DATA FOR REVIEW:
= = = = =

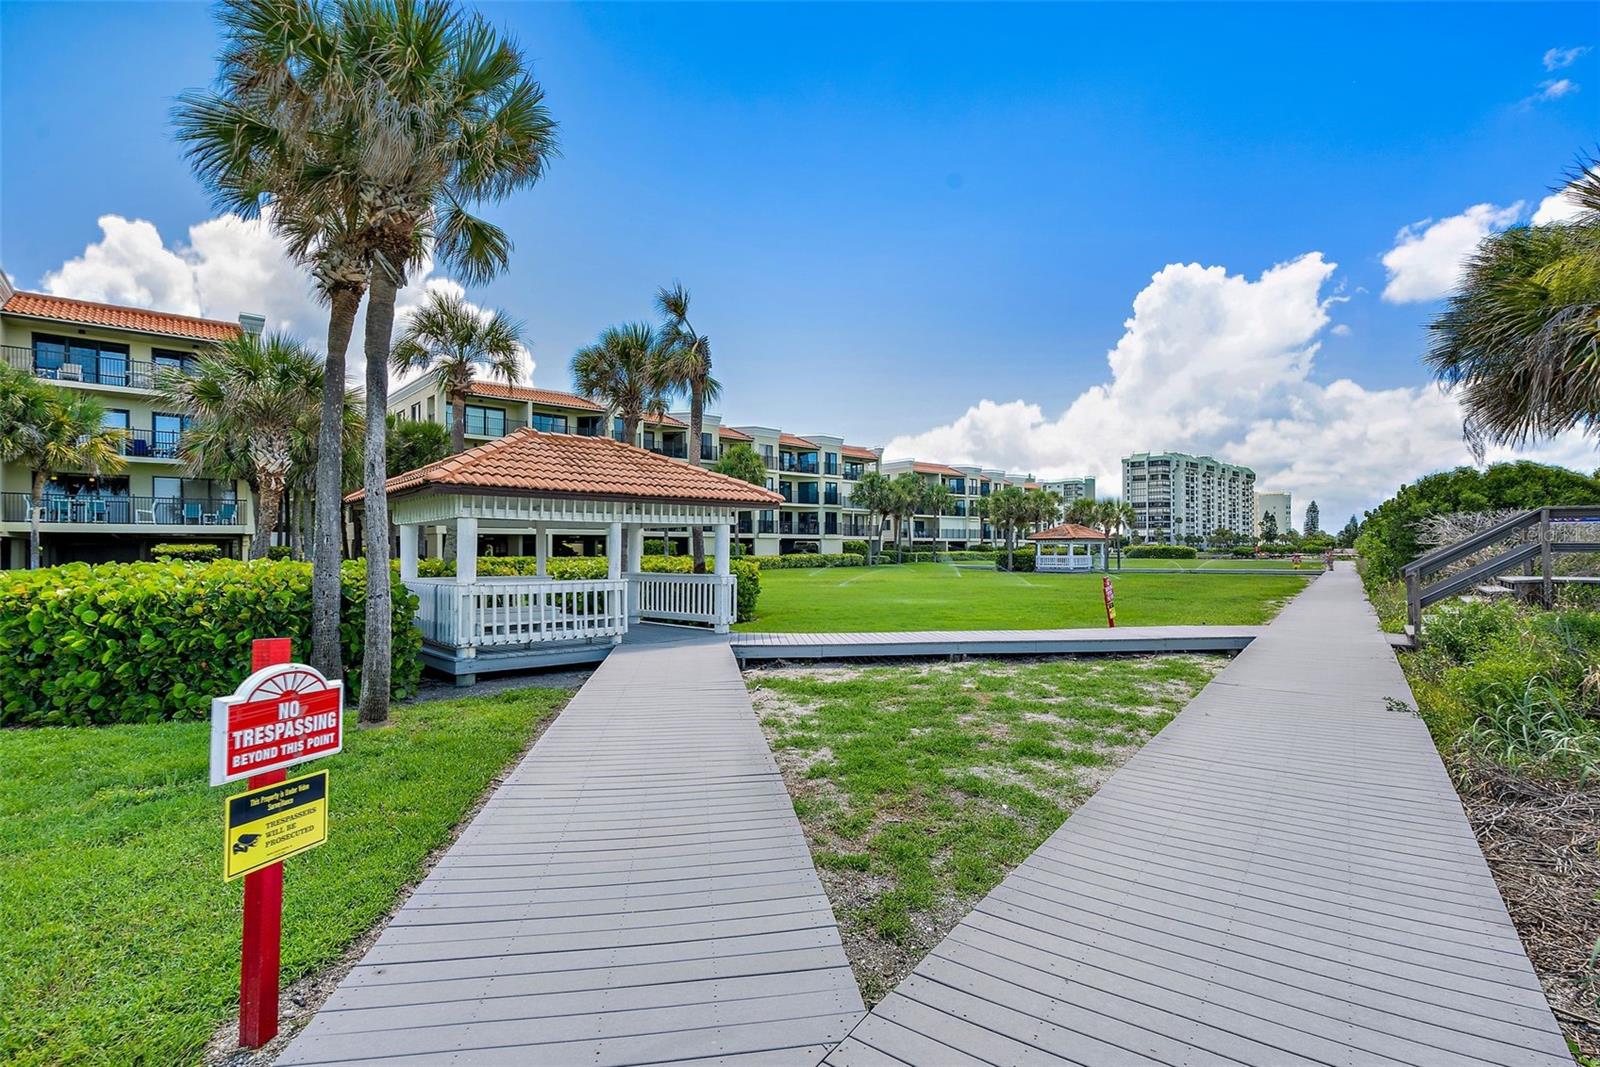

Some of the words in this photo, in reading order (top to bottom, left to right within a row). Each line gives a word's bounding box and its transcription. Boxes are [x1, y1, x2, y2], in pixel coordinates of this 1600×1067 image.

[278, 700, 300, 720] NO
[232, 711, 337, 750] TRESPASSING
[232, 746, 278, 768] BEYOND
[281, 740, 305, 756] THIS
[307, 732, 336, 749] POINT
[250, 798, 260, 807] This
[260, 792, 279, 804] Property
[265, 806, 317, 829] TRESPASSERS
[265, 826, 285, 838] WILL
[286, 822, 297, 832] BE
[265, 825, 315, 848] PROSECUTED
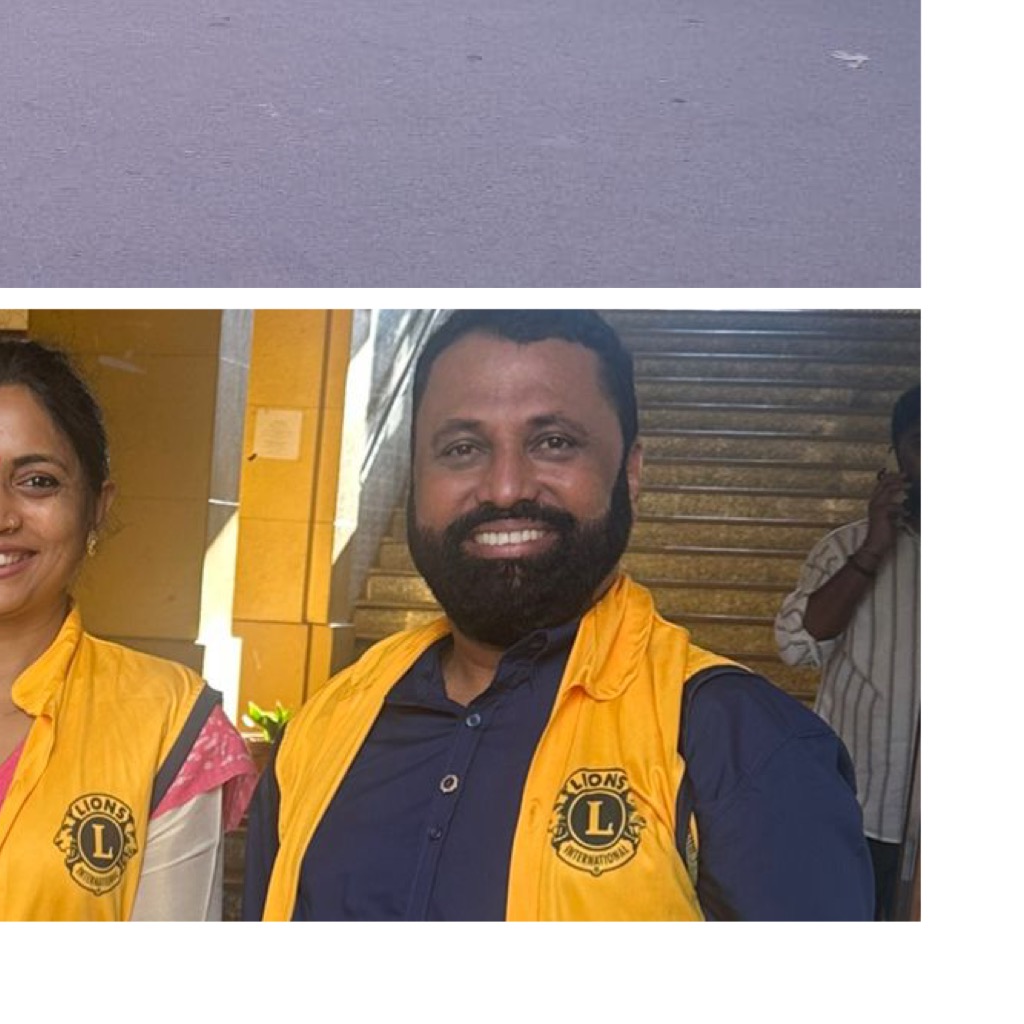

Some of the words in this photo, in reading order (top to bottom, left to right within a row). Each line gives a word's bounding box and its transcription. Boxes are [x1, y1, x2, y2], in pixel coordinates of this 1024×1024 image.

[570, 773, 629, 790] LIONS
[74, 797, 128, 819] LIONS
[584, 800, 615, 836] L
[91, 823, 114, 859] L
[563, 844, 630, 866] INTERNATIONAL
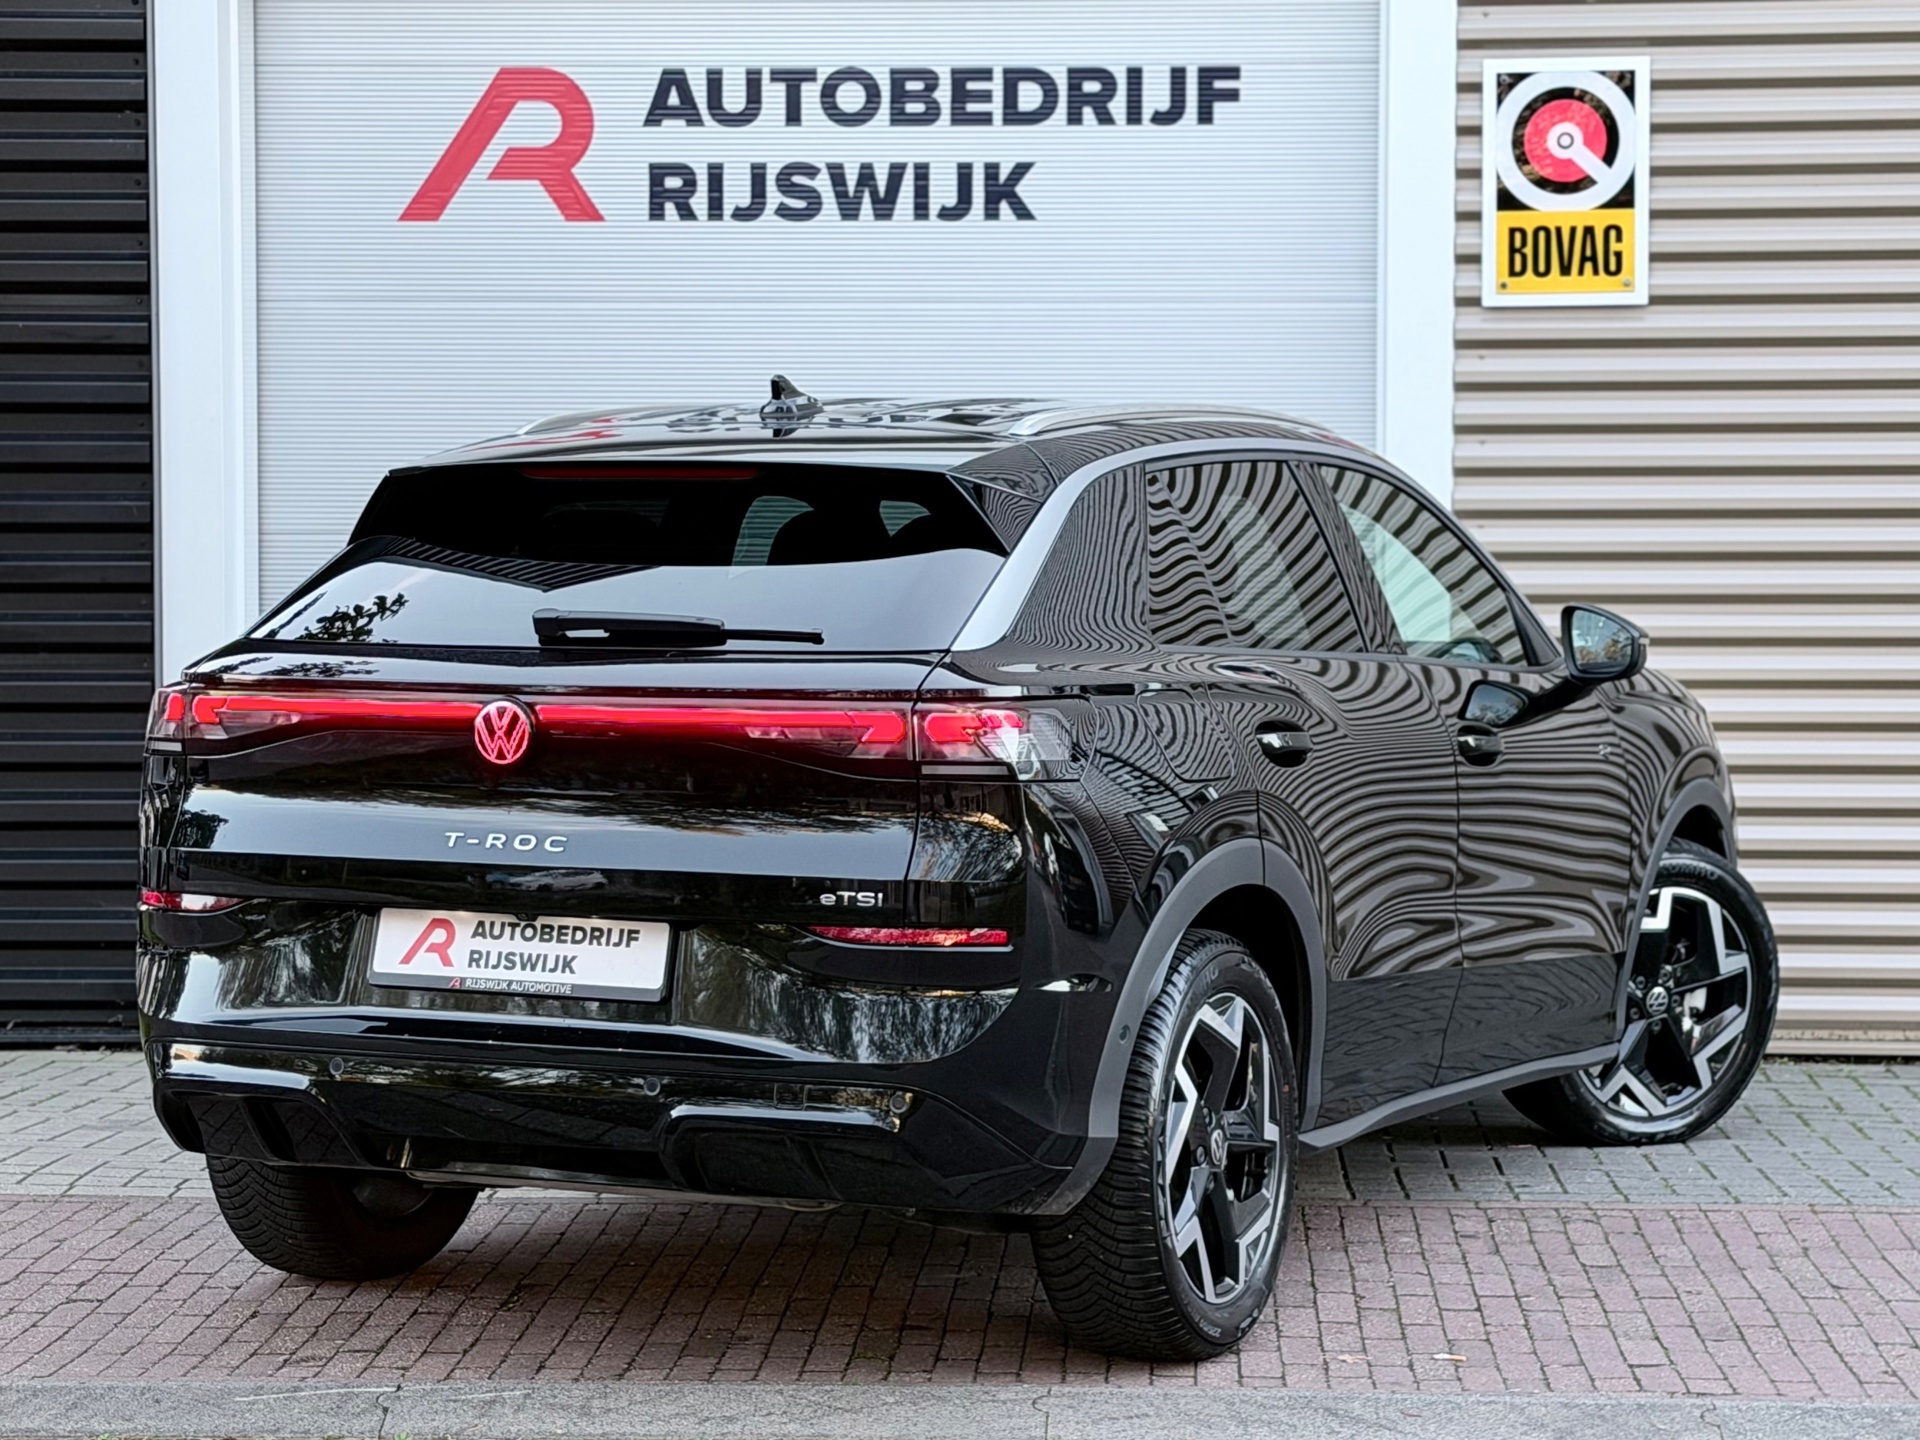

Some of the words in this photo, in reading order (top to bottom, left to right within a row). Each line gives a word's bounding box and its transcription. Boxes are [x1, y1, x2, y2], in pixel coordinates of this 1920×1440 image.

[642, 65, 1241, 127] AUTOBEDRIJF
[648, 161, 1037, 222] RIJSWIJK
[1508, 224, 1624, 278] BOVAG
[444, 832, 568, 852] T-ROC
[819, 891, 883, 907] eTSI
[470, 920, 641, 948] AUTOBEDRIJF
[467, 949, 579, 975] RIJSWIJK
[465, 978, 509, 990] RIJSWIJK
[510, 980, 573, 994] AUTOMOTIVE
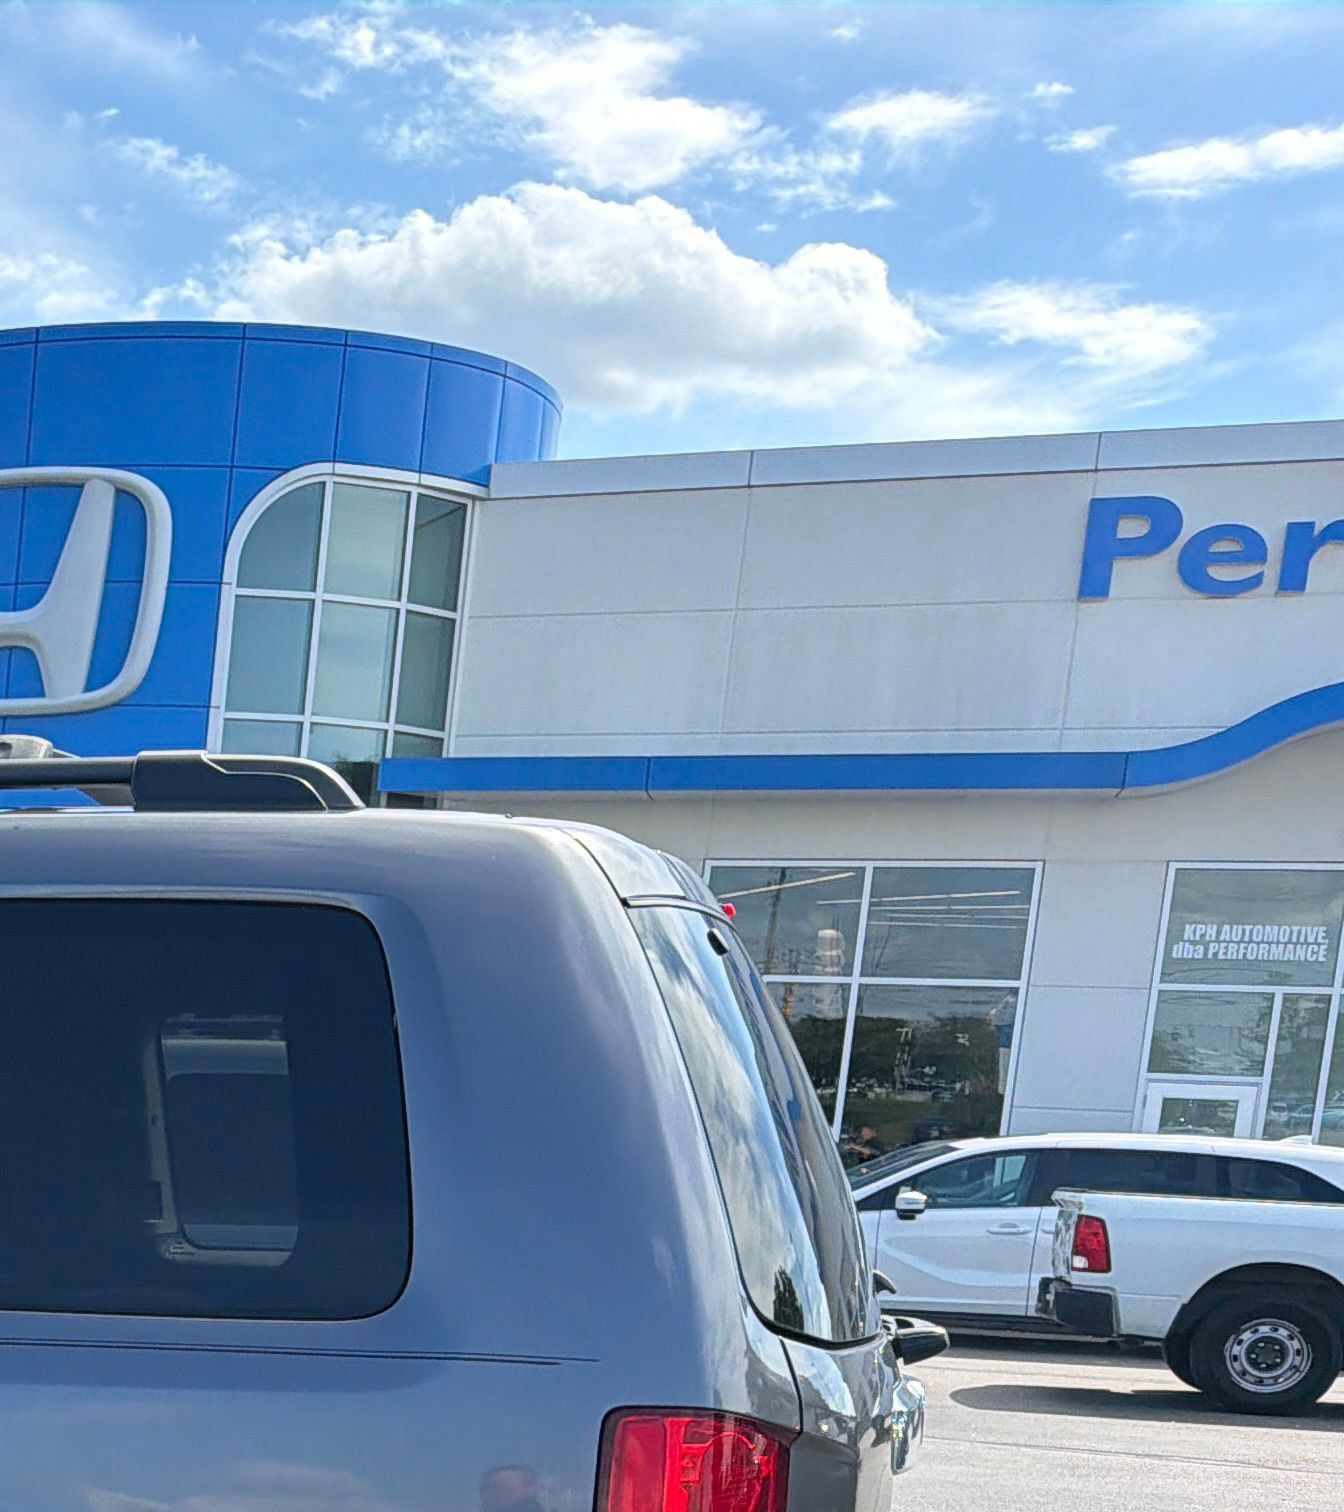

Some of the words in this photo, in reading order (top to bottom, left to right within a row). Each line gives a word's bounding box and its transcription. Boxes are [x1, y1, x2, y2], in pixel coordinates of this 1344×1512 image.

[1183, 923, 1218, 941] KPH
[1172, 942, 1204, 959] dba
[1208, 942, 1328, 962] PERFORMANCE

= = = = =

AIM OF THE TASK:
Starting at the line that contains "this 1920×1440 image.", please write out each line through the last line of the data, both ends included, and keep pictures out of the copy.

YOUR SOLUTION:
Some of the words in this photo, in reading order (top to bottom, left to right within a row). Each line gives a word's bounding box and its transcription. Boxes are [x1, y1, x2, y2], in pixel coordinates of this 1920×1440 image.

[642, 65, 1241, 127] AUTOBEDRIJF
[648, 161, 1037, 222] RIJSWIJK
[1508, 224, 1624, 278] BOVAG
[444, 832, 568, 852] T-ROC
[819, 891, 883, 907] eTSI
[470, 920, 641, 948] AUTOBEDRIJF
[467, 949, 579, 975] RIJSWIJK
[465, 978, 509, 990] RIJSWIJK
[510, 980, 573, 994] AUTOMOTIVE

Some of the words in this photo, in reading order (top to bottom, left to right within a row). Each line gives a word's bounding box and its transcription. Boxes are [x1, y1, x2, y2], in pixel coordinates of this 1344×1512 image.

[1183, 923, 1218, 941] KPH
[1172, 942, 1204, 959] dba
[1208, 942, 1328, 962] PERFORMANCE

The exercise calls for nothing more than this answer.